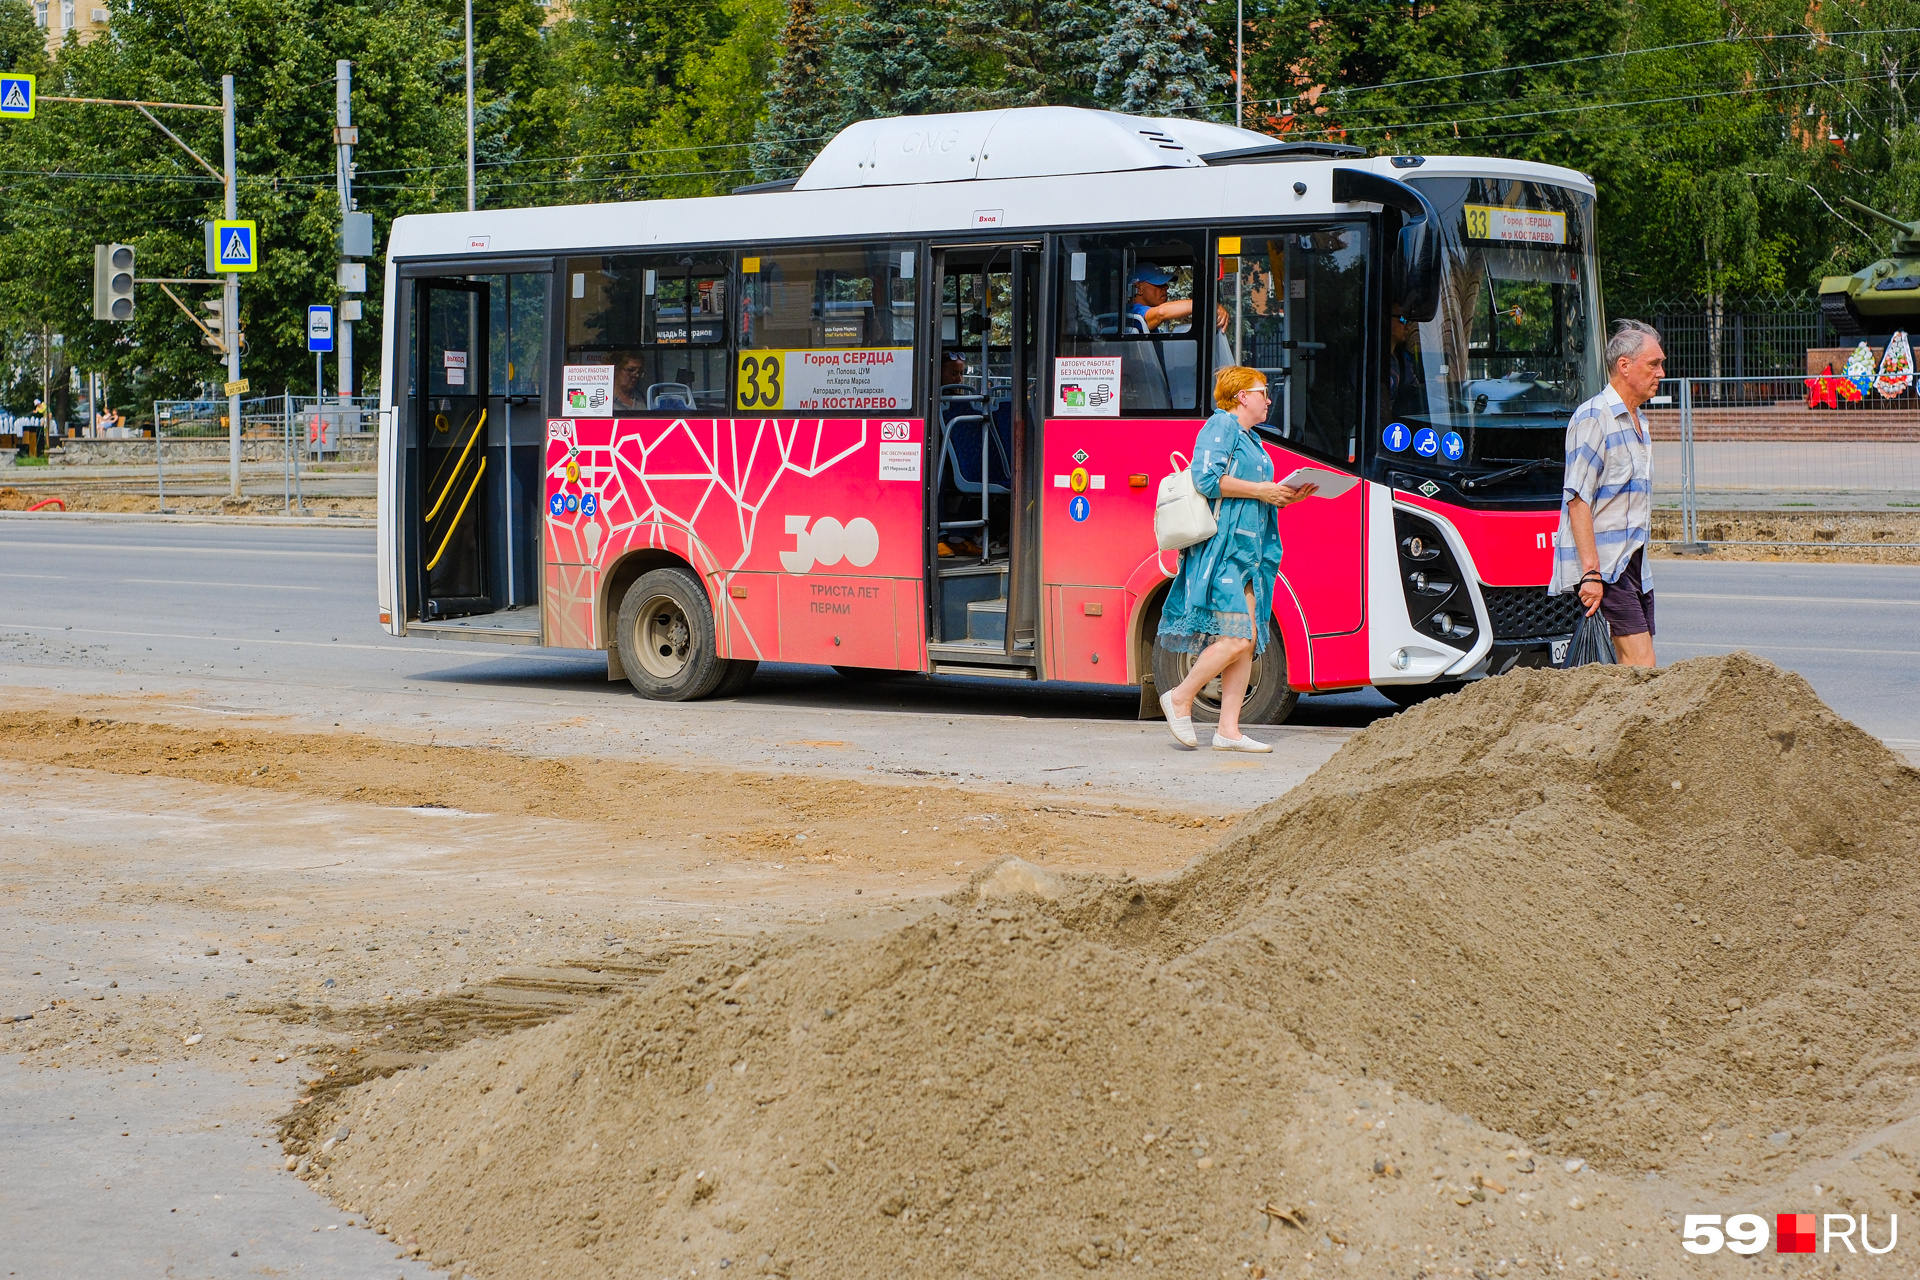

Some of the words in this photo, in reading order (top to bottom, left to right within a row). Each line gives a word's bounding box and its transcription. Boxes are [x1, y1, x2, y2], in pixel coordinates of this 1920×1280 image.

[903, 130, 959, 153] CNG
[1469, 210, 1487, 239] 33
[1503, 215, 1523, 227] Город
[1525, 217, 1552, 228] СЕРДЦА
[1514, 231, 1554, 242] КОСТАРЕВО
[804, 353, 839, 366] Город
[843, 352, 894, 365] СЕРДЦА
[836, 368, 857, 376] Попова,
[858, 368, 870, 376] ЦУМ
[740, 356, 780, 407] 33
[813, 387, 842, 395] Авторадио,
[852, 387, 884, 395] Пушкарская
[800, 398, 818, 410] м/р
[822, 397, 896, 409] КОСТАРЕВО
[779, 515, 879, 577] 300
[810, 584, 855, 597] ТРИСТА
[857, 586, 880, 598] ЛЕТ
[810, 602, 851, 615] ПЕРМИ
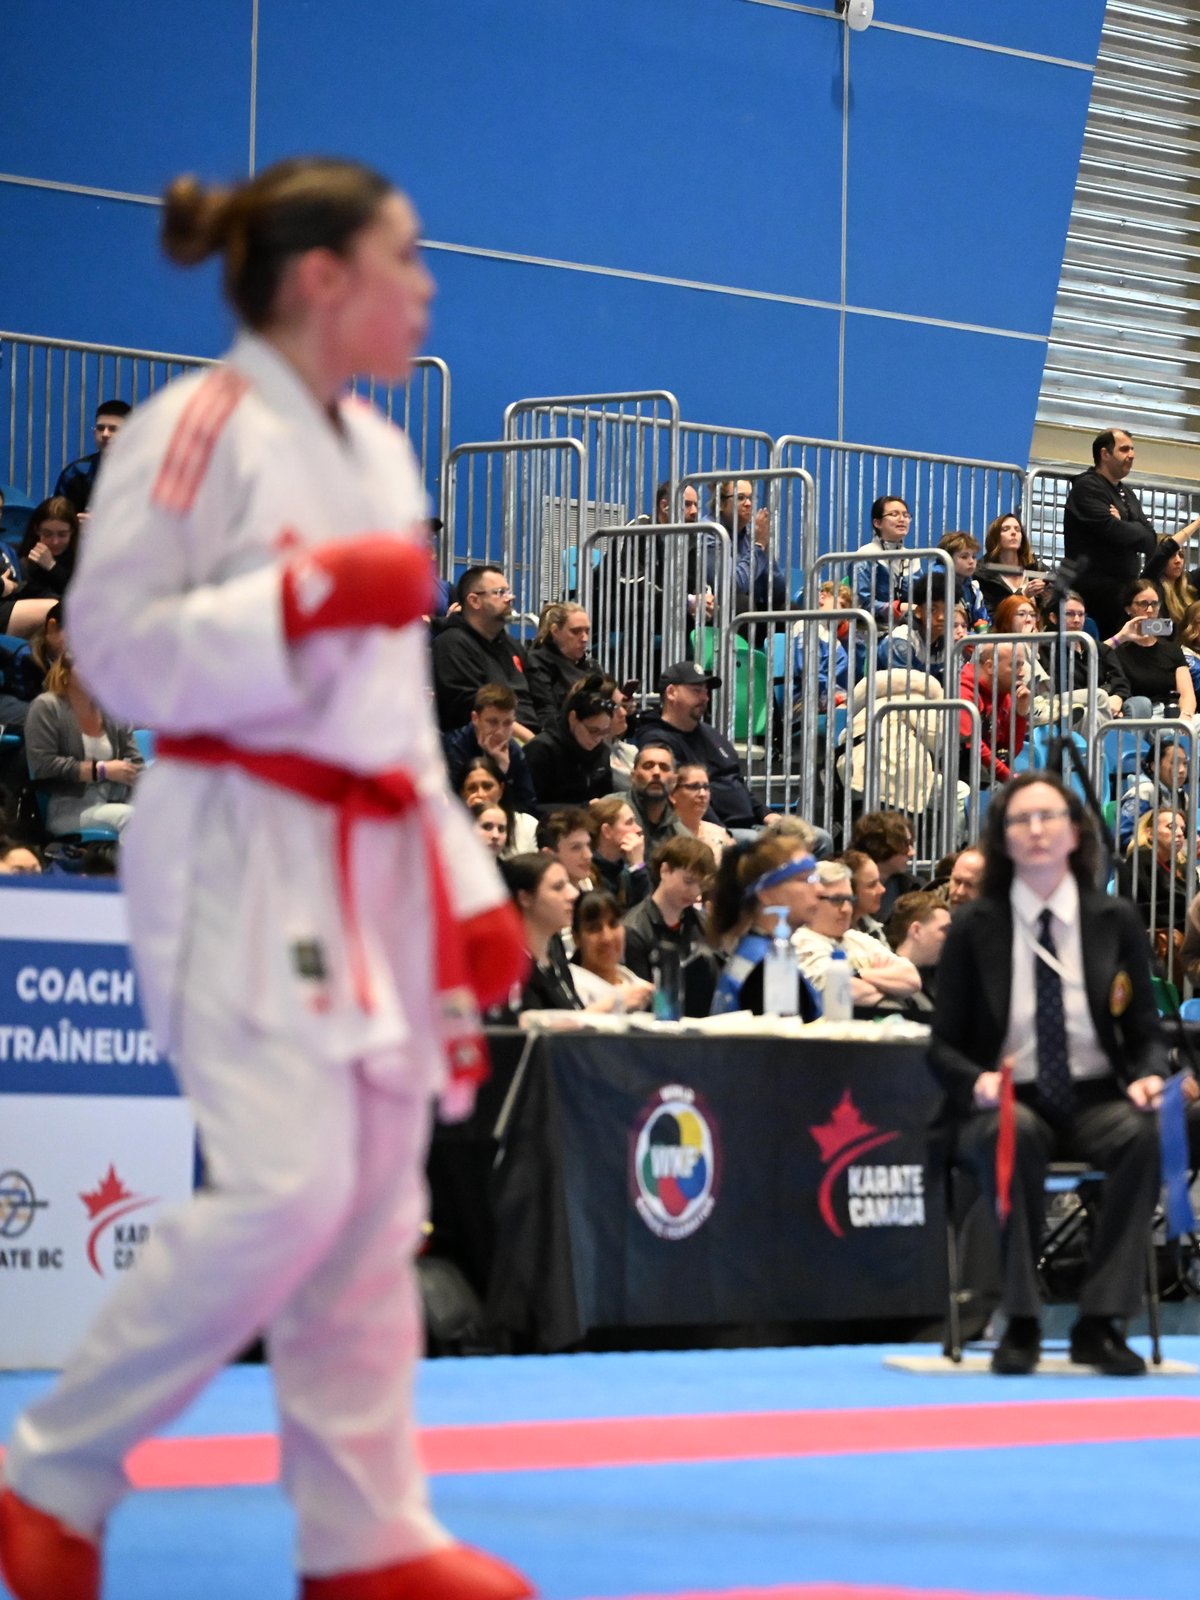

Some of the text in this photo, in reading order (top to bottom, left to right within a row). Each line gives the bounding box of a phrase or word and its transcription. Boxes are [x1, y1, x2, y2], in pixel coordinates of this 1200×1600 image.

[16, 966, 134, 1005] COACH
[847, 1164, 925, 1195] KARATE
[848, 1195, 927, 1227] CANADA
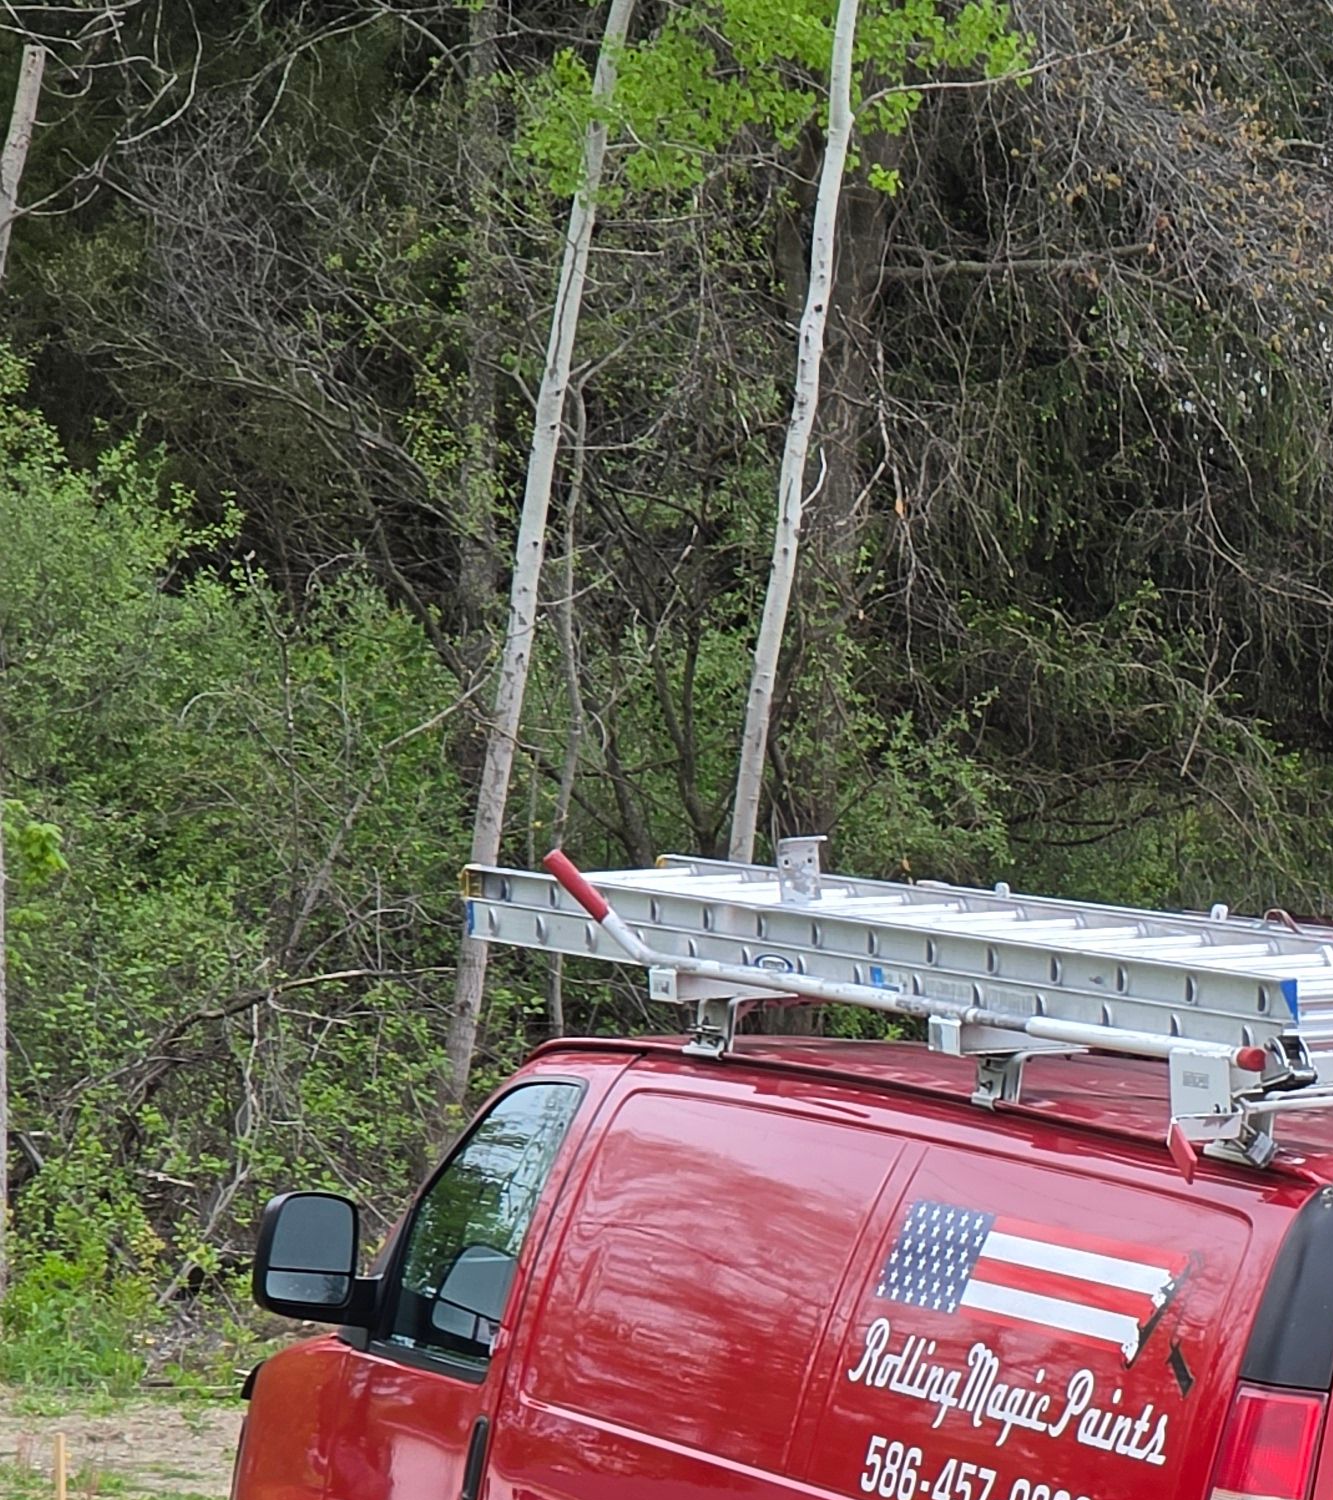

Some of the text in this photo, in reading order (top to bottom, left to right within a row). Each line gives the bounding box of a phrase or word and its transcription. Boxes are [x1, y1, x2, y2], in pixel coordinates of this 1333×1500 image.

[848, 1318, 1169, 1466] Rolling Magic Paints
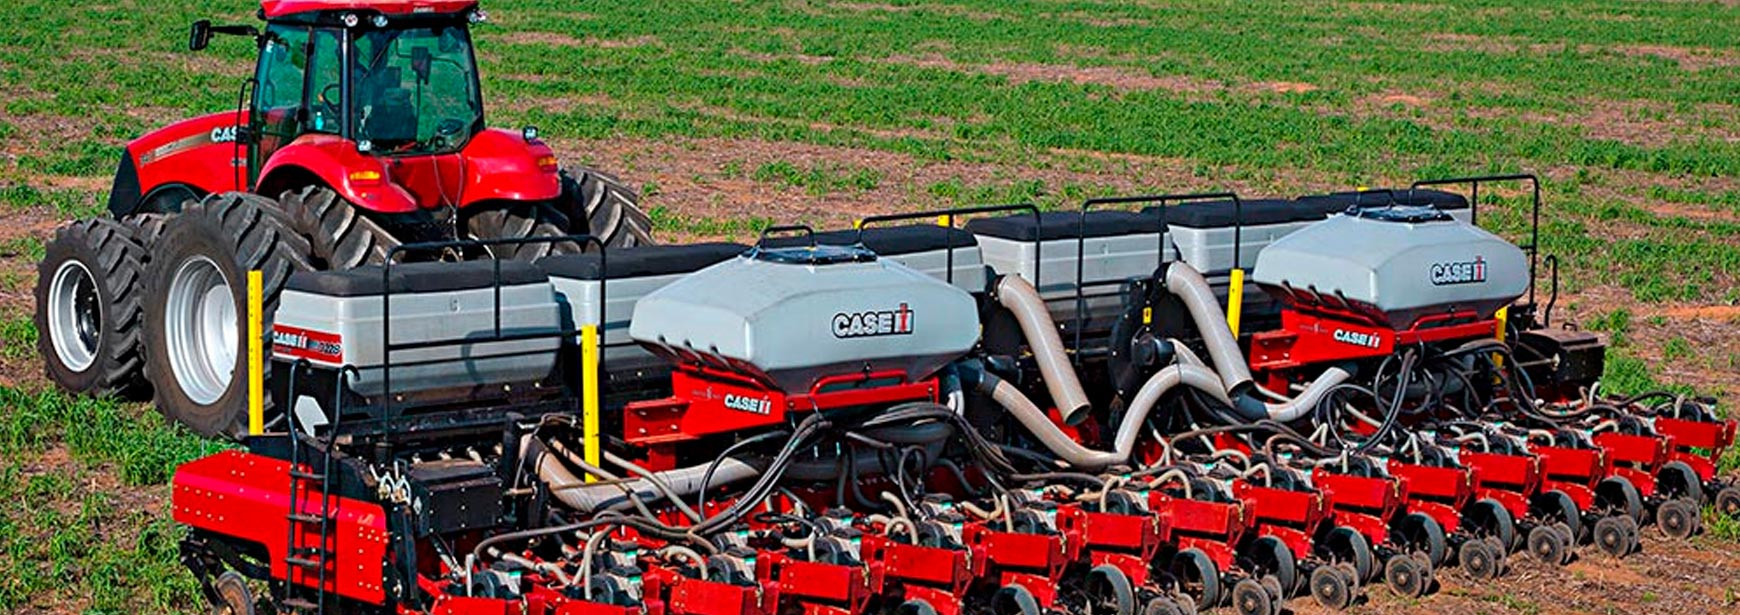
┄┄┄┄┄┄
What you produce must match the listing word for word, with no images in it.

Some of the words in this photo, in reading order (top to bottom, left to right within a row). Each line gives a word's bounding box and its transcription. Boxes are [x1, y1, x2, y2], in pixel coordinates of this 1920×1280 image.

[903, 130, 959, 153] CNG
[1469, 210, 1487, 239] 33
[1503, 215, 1523, 227] Город
[1525, 217, 1552, 228] СЕРДЦА
[1514, 231, 1554, 242] КОСТАРЕВО
[804, 353, 839, 366] Город
[843, 352, 894, 365] СЕРДЦА
[836, 368, 857, 376] Попова,
[858, 368, 870, 376] ЦУМ
[740, 356, 780, 407] 33
[813, 387, 842, 395] Авторадио,
[852, 387, 884, 395] Пушкарская
[800, 398, 818, 410] м/р
[822, 397, 896, 409] КОСТАРЕВО
[779, 515, 879, 577] 300
[810, 584, 855, 597] ТРИСТА
[857, 586, 880, 598] ЛЕТ
[810, 602, 851, 615] ПЕРМИ

Some of the text in this photo, in reading order (top to bottom, left to right within a row). Each line gives the bounding box of a phrase or word and its transcription. Boxes are [x1, y1, x2, y2], in pixel coordinates of this 1200×1600 image.

[16, 966, 134, 1005] COACH
[847, 1164, 925, 1195] KARATE
[848, 1195, 927, 1227] CANADA

Some of the text in this photo, in reading order (top to bottom, left to right within a row). Each line gives the bounding box of a phrase or word and its transcription. Boxes are [x1, y1, x2, y2], in pixel coordinates of this 1333×1500 image.

[848, 1318, 1169, 1466] Rolling Magic Paints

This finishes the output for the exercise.